Nutrition has become a widespread confusion. Lead author Dr. Andrew Freeman, co-chair of the American College of Cardiology’s Lifestyle and Nutrition Work Group says that one day you hear how good something is, and the next it’s bad for you. The review purpose was to give clinicians the tools needed to help their patients. Dr. Freeman is also director of cardiovascular prevention and wellness at National Jewish Health in Denver. Dr. Freeman, along with his colleagues, reviewed medical evidence that related to overall healthy eating patterns and specific dietary fads that are now popular in the United States.
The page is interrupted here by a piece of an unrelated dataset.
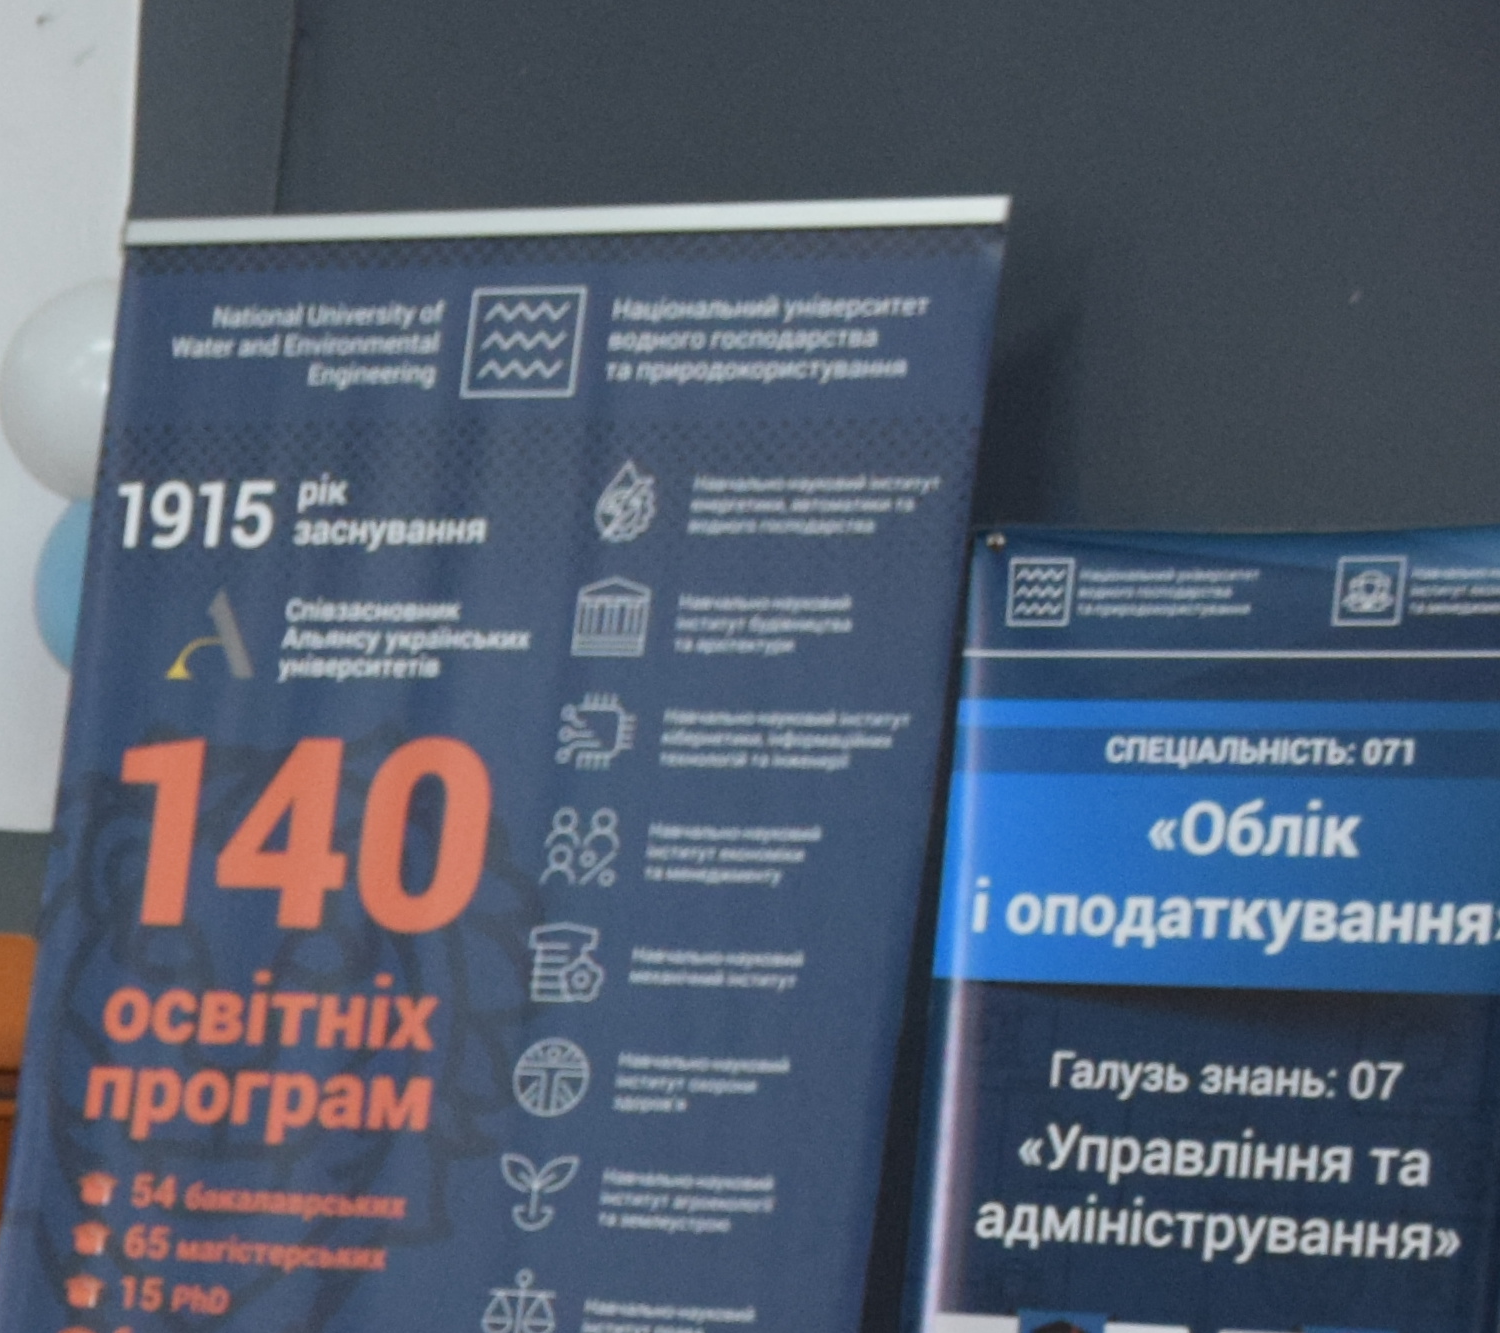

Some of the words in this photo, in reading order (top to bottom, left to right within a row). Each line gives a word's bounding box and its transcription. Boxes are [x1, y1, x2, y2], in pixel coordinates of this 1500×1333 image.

This is what they concluded:

  • Juicing might improve absorption of some plant nutrients, but according to Dr. Alice Lichtenstein, director of the Cardiovascular Nutrition Laboratory at Tufts University in Boston, it also leaves out a lot of fiber and nutrients contained in whole fruits and vegetables as juicing removes the juice and produces liquid that contains most of the vitamins, minerals and chemicals that are found in whole fruit and vegetables.
  • High-dose antioxidant dietary supplements are not benefiting people any more than just eating those foods rich in antioxidants. We don’t get the same benefit every time we extract things from plants.
  • The recent health food fad of coconut oil is another one, but it is naturally loaded with unhealthy saturated fats. We would do better to use olive and vegetable oils in our cooking as they contain healthy unsaturated fats.
  • If you have gluten sensitivity or celiac disease, a gluten-free diet can help, but it does no good for healthy people who can digest grains without any side effects. People can be healthier with whole grains than those using gluten-free alternatives that are higher in processed carbs.
  • Earlier it was thought that eggs can increase a person’s cholesterol levels, but Lichtenstein says not as much as previously believed. Having one or two eggs per day would likely have a small effect in most people that are not at high risk for heart problems or high cholesterol. Above that limit, it could be problematic. Meat and dairy products that contain saturated fats pose a larger hazard to cholesterol levels.

In conclusion of this study, most people would be better off with a predominantly plant-based diet that emphasizes eating whole unprocessed foods.

Dr. Freeman usually recommends eating a white variety of brightly colored vegetables and fruits to obtain antioxidants and other important nutrients.

Here again, we have yet another view on what is and what isn’t healthy for us. It makes it a little difficult to know how we should eat, doesn’t it?